🇮🇩 Bahasa Indonesia – Original

Kali ini, pilihan saya jatuh kepada “Abadi Nan Jaya,” yang juga dikenal dengan judul internasional “The Elixir.” Film garapan Timo Stamboel ini akan menawarkan cerita zombie dengan kemasan Indonesia. Pernahkah membayangkan Train to Busan atau “Resident Evil” dengan cita rasa lokal?

Film ini memulai dengan sebuah tragedi naas. Sebuah mobil tiba-tiba datang menabrak sekelompok orang yang sedang berpesta selamatan sunatan, di Desa Wanirejo, Sleman, Yogyakarta. Awalnya, satu di antara mereka menghampiri mobil yang kemudian terhenti karena menabrakkan diri ke sebuah truk. Yang tadinya berniat menginterogasi, malah berujung dengan gigitan dan mengancam masyarakat kampung yang hadir.

Tak jauh dari sana, cerita berlanjut dengan menghadirkan sebuah keluarga disfungsional, yang juga merupakan pemilik jamu “Wani Waras.” Polemik perusahaan jamu yang sedang ingin dijual, disambung dengan inovasi jamu awet muda, yang berujung pada Sadimin, pemilik yang diperankan oleh Donny Damara, untuk menjadikan dirinya sebagai kelinci percobaan.

the elixir [abadi nan jaya]
Courtesy of Mowin Pictures, Netflix © 2025

Para anggota keluarga Sadimin juga menjadi penambah ramai cerita.
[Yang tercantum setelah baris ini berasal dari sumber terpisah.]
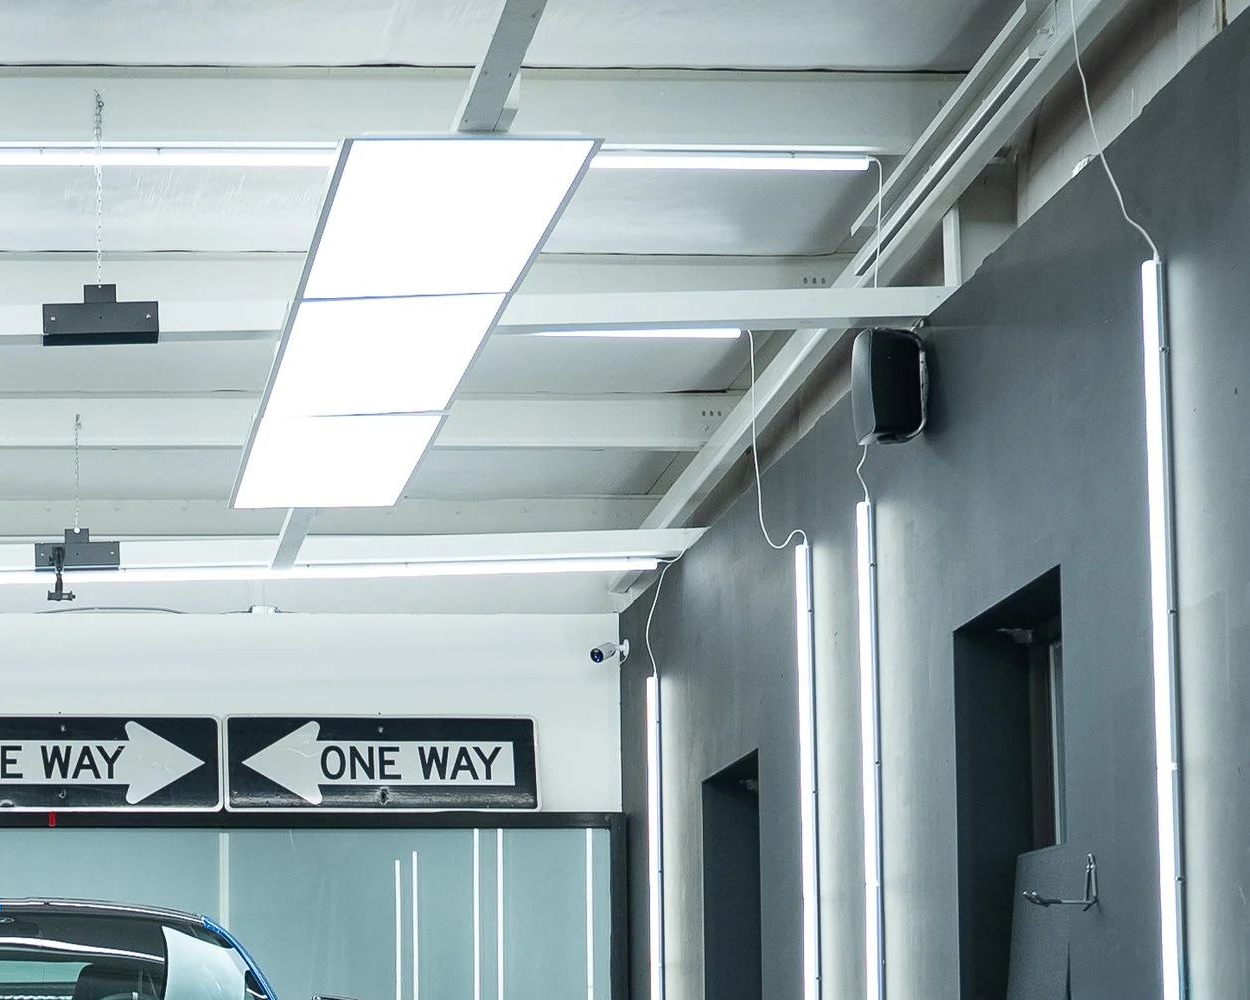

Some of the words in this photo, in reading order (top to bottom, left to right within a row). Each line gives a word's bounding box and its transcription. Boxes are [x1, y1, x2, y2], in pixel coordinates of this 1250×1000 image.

[40, 744, 126, 780] WAY
[320, 745, 402, 780] ONE
[417, 745, 502, 781] WAY
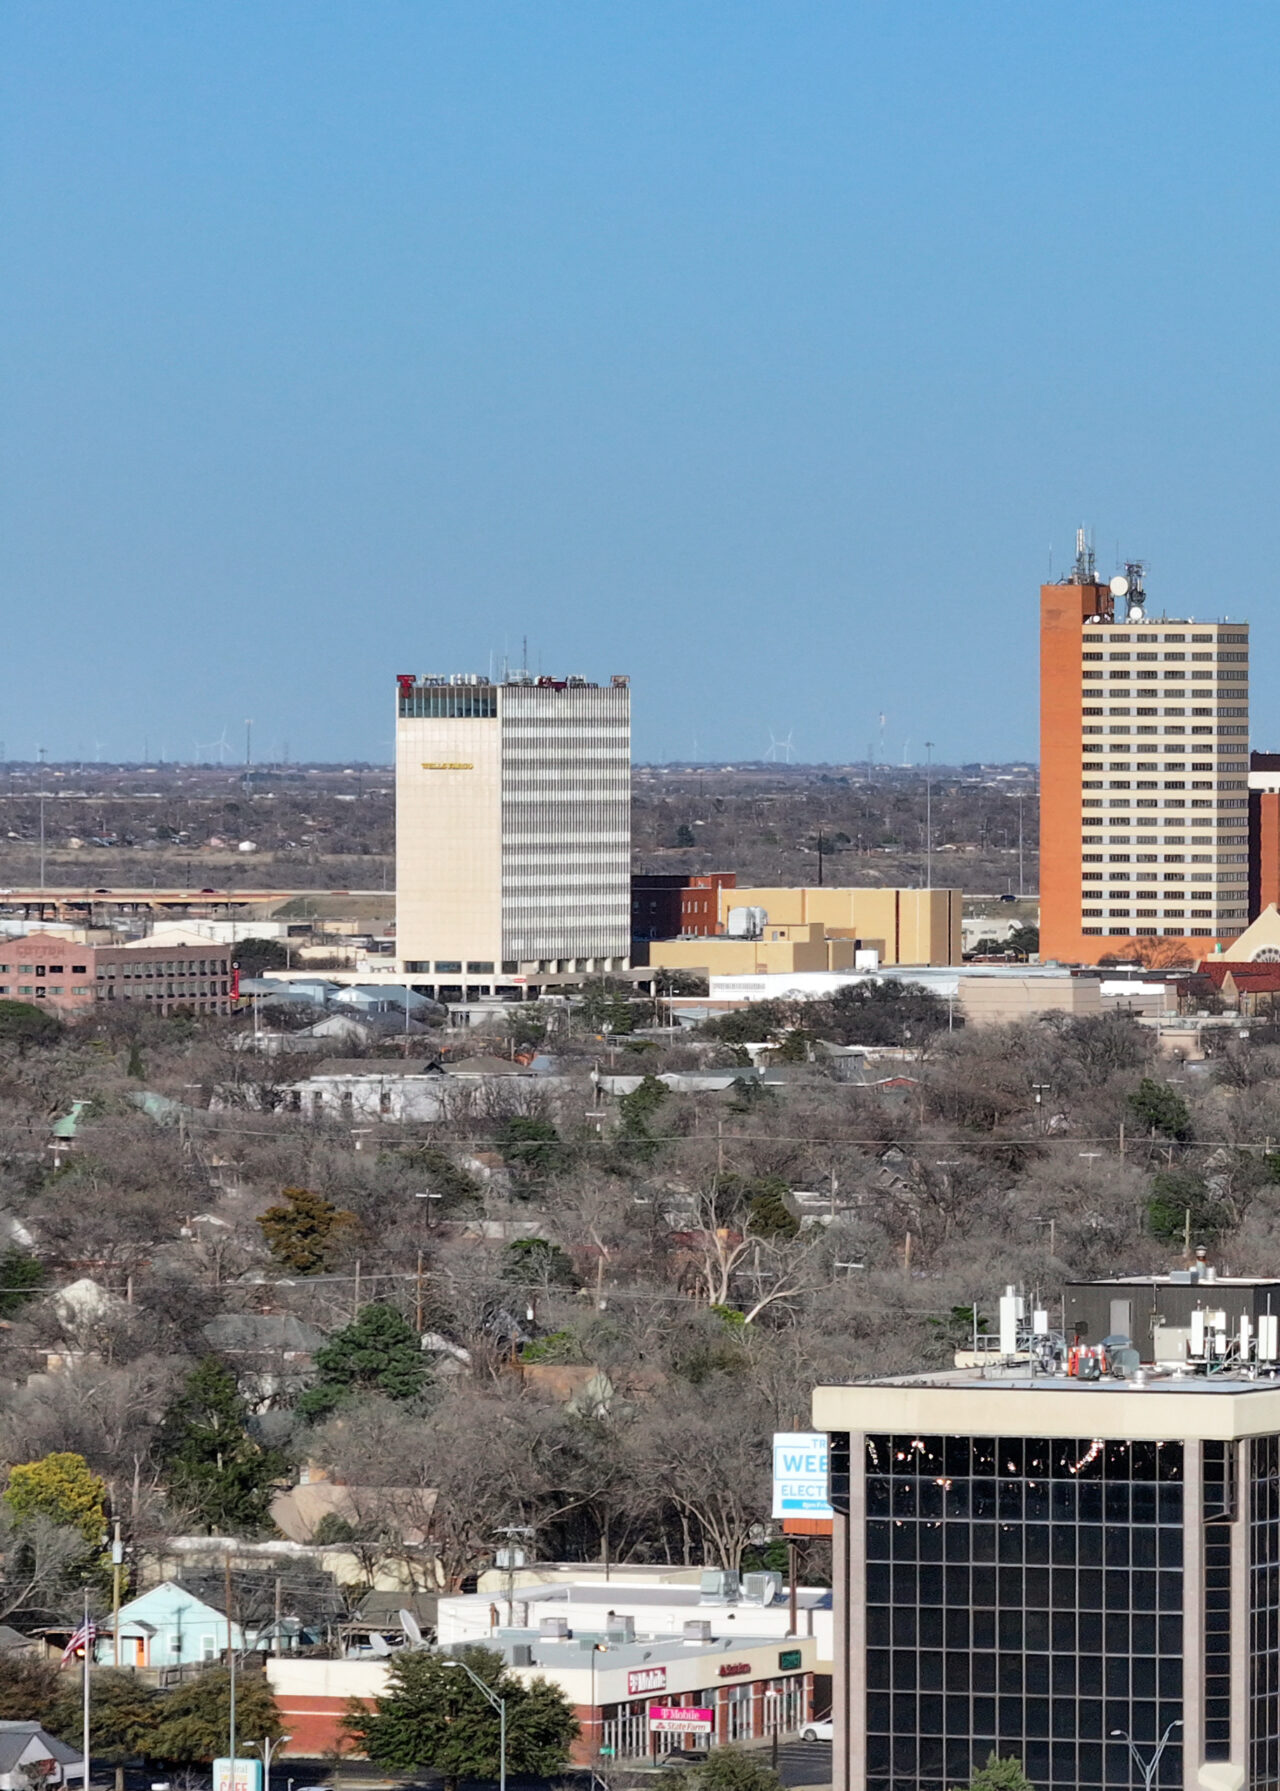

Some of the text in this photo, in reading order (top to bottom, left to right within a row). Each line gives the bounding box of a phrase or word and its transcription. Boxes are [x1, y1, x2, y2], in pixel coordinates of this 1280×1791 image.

[781, 1485, 829, 1497] ELECT
[672, 1709, 700, 1720] Mobile
[667, 1722, 706, 1732] State Farm
Ada Karina, istri muda Sadimin yang diperankan oleh Eva Celia Latjuba, yang ternyata merupakan sahabat putrinya. Kenes, putri Sadimin yang diperankan oleh Mikha Tambayong, yang membawa putra semata wayangnya yang bernama Raihan, diperankan oleh Varren Arianda Calief. Ia juga beserta sang suami, Rudi, diperankan Dimas Anggara, yang sedang menuju proses perceraian. Tidak ketinggalan ada sosok Bambang, putra Sadimin yang diperankan oleh Marthino Lio, yang kelihatan hanya menikmati hidup dengan bermain saja.

Berkumpulnya keluarga Sadimin yang tiba-tiba jadi bermasalah urusan merger perusahaan keluarga mereka, tiba-tiba lenyap seiring dengan Sadimin yang menjadi zombie pertama. Ia kemudian menyerang Pardi, asisten rumah tangga, yang berimbas dengan mulainya ancaman zombie di rumah mereka. Akankah mereka selamat dengan ancaman ini?
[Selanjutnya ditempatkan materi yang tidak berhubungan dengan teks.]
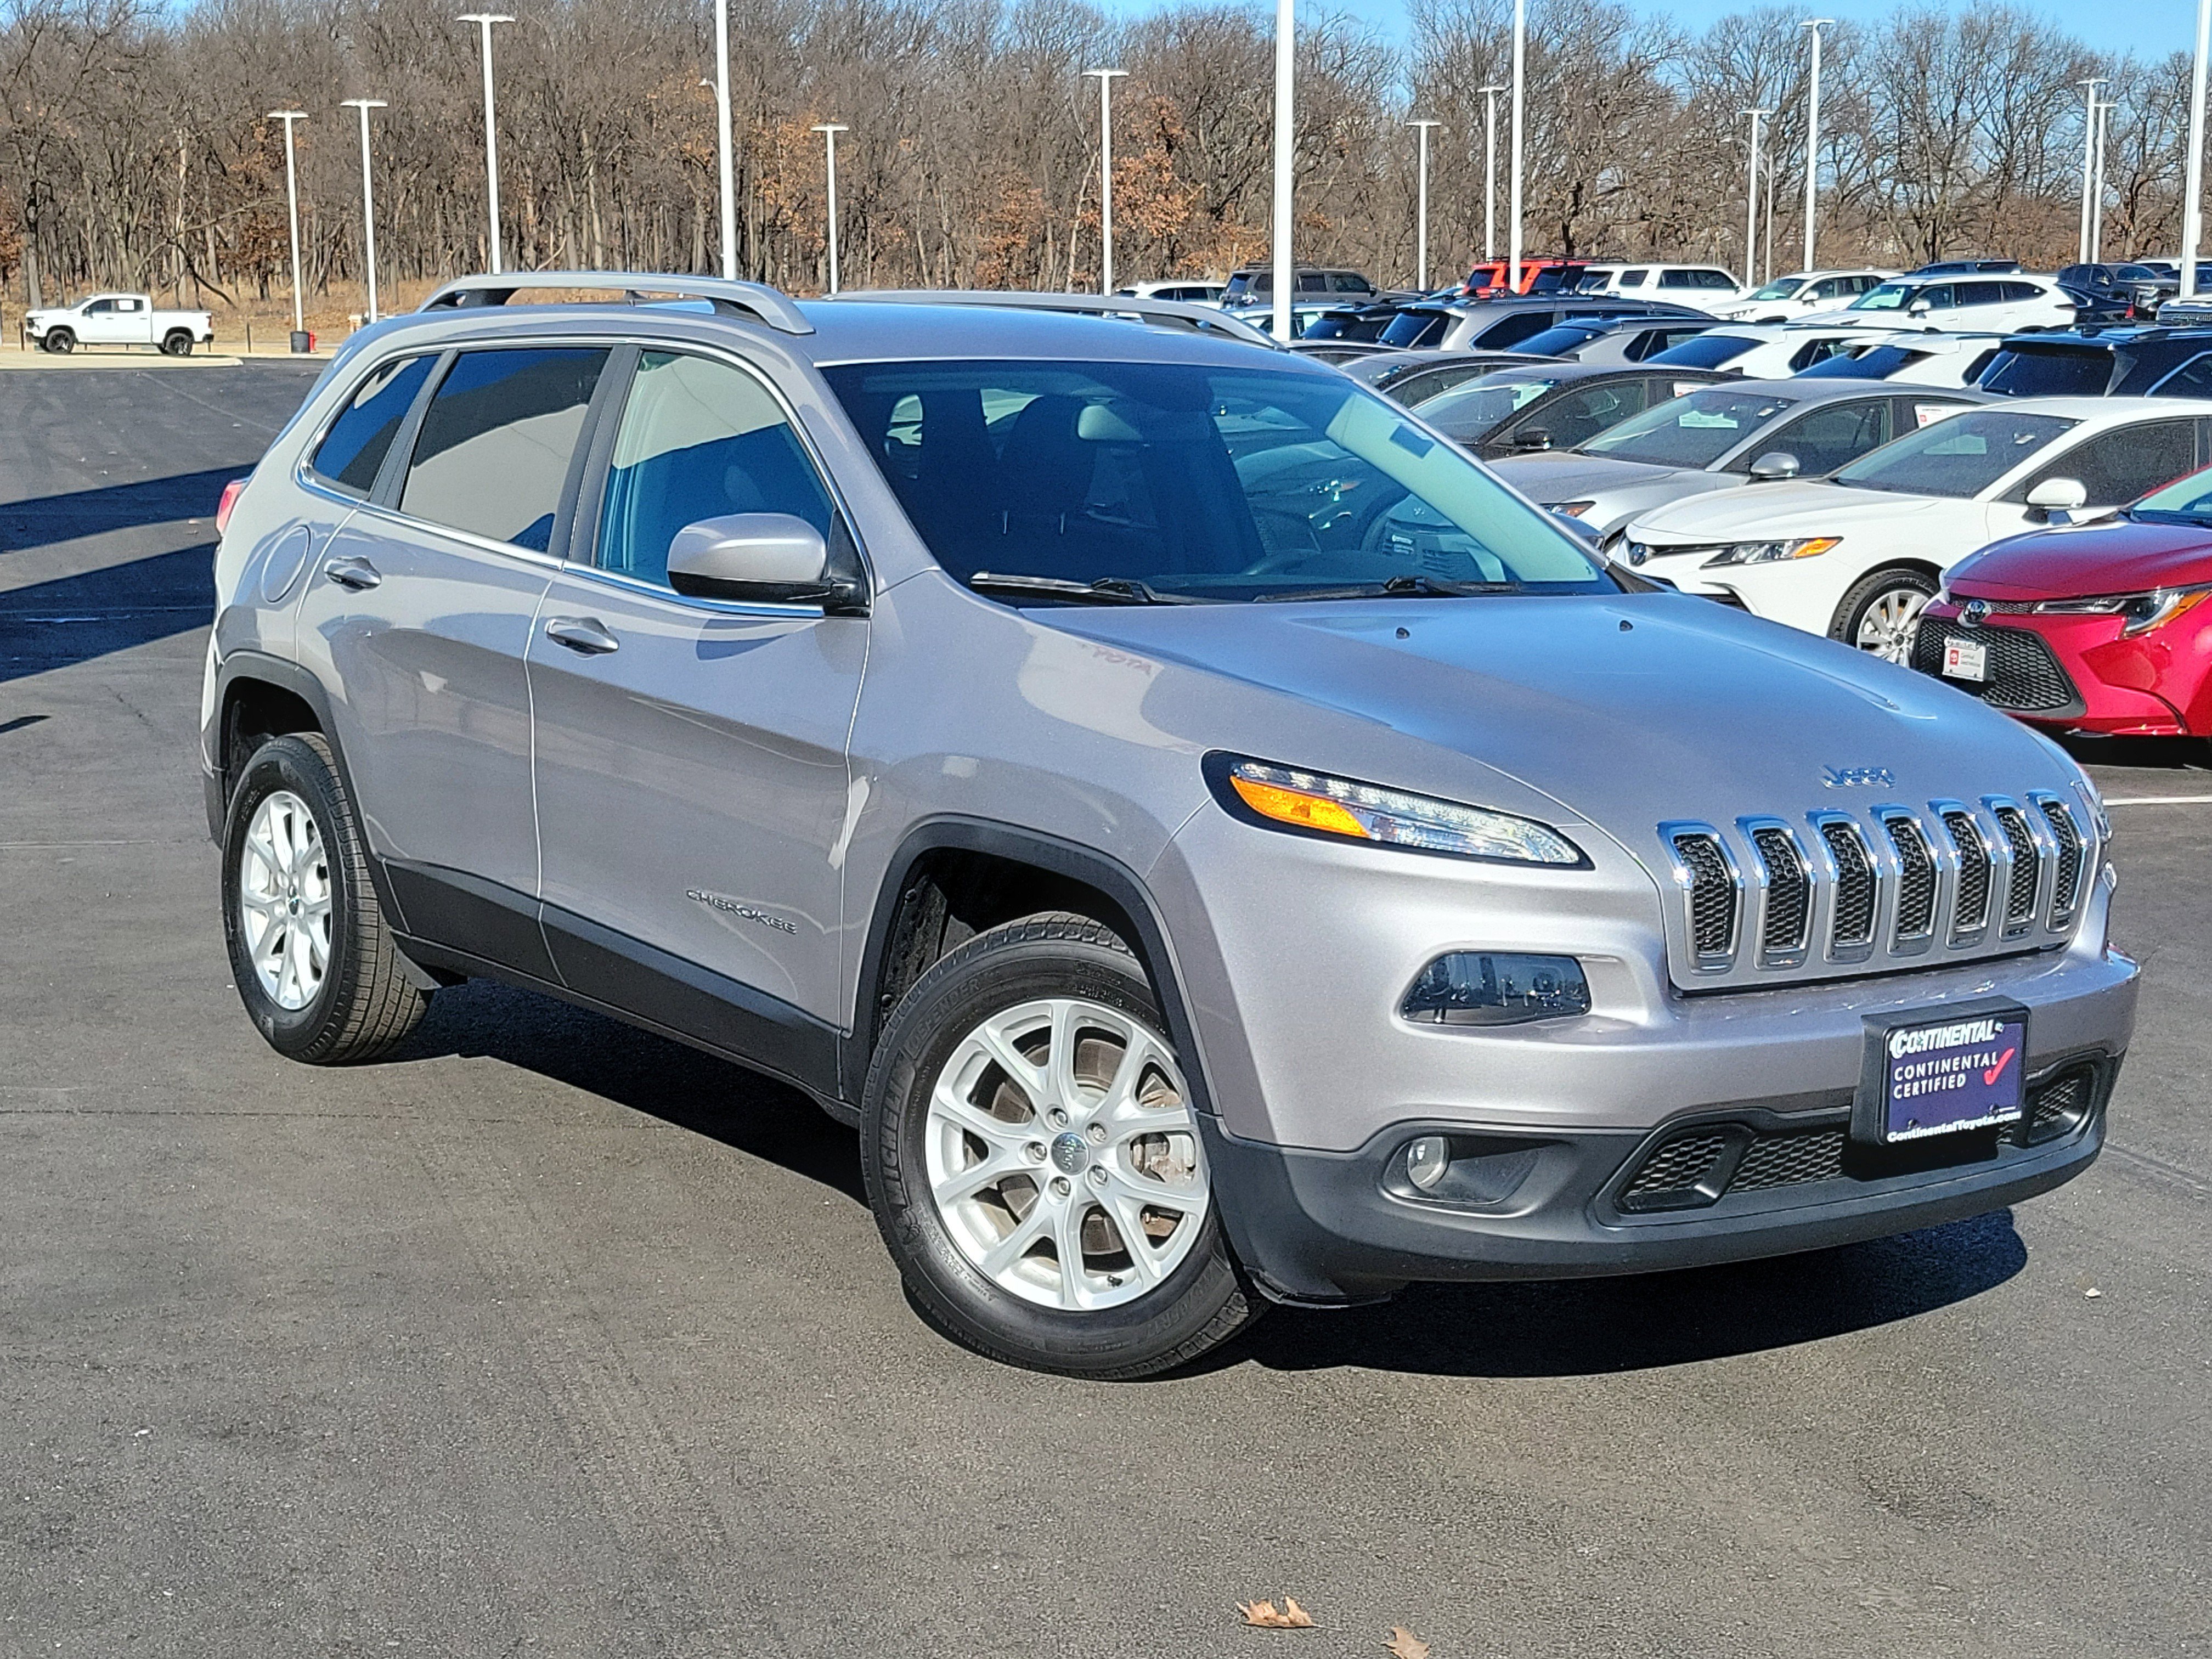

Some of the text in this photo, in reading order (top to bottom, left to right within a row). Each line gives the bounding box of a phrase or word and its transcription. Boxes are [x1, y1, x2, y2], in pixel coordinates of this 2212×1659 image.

[1818, 764, 1896, 789] Jeep
[686, 889, 797, 935] CHEROKEE
[1889, 1019, 1995, 1059] CONTINENTAL
[1894, 1052, 1998, 1081] CONTINENTAL
[1893, 1073, 1966, 1099] CERTIFIED
[880, 1052, 909, 1206] MICHELI
[1887, 1110, 2022, 1142] ContinentalToyota.com
Film ini disutradarai oleh Timo Stamboel, yang mencengangkan saya dengan karyanya “Macabre” atau yang juga dikenal dengan “Rumah Dara.” Ekspektasi untuk menyaksikan survival horror ini pun menjadi tinggi. Rasanya untuk kehadiran unsur sadis dalam ceritanya, seharusnya bisa dieksekusi baik. Benar saja, sepanjang 116 menit, Stamboel menghadirkan tontonan yang gore, kadang tak masuk akal, dalam menampilkan bagian-bagian tubuh yang terurai dengan tembakan senapan.

the elixir [abadi nan jaya]
Courtesy of Mowin Pictures, Netflix © 2025

Dari segi cerita, yang dikemas Stamboel bersama Agasyah Karim dan Khalid Kashogi, rasanya biasa saja. “The Elixir” terasa terlalu lama untuk scene-scene yang membuang waktu di saat kejaran para zombie. Bayangkan saja, ketika Anda perlu menyelamatkan diri dari kepungan zombie, masih saja ada adegan dramatisasi pelukan antara ibu yang bertemu kembali dengan sang anak. Itu baru satu contoh. Ada serangkaian adegan yang rasanya berniat untuk membangun dramanya, namun balik lagi, ini sebuah film untuk bertahan hidup. I’m sick with the drama.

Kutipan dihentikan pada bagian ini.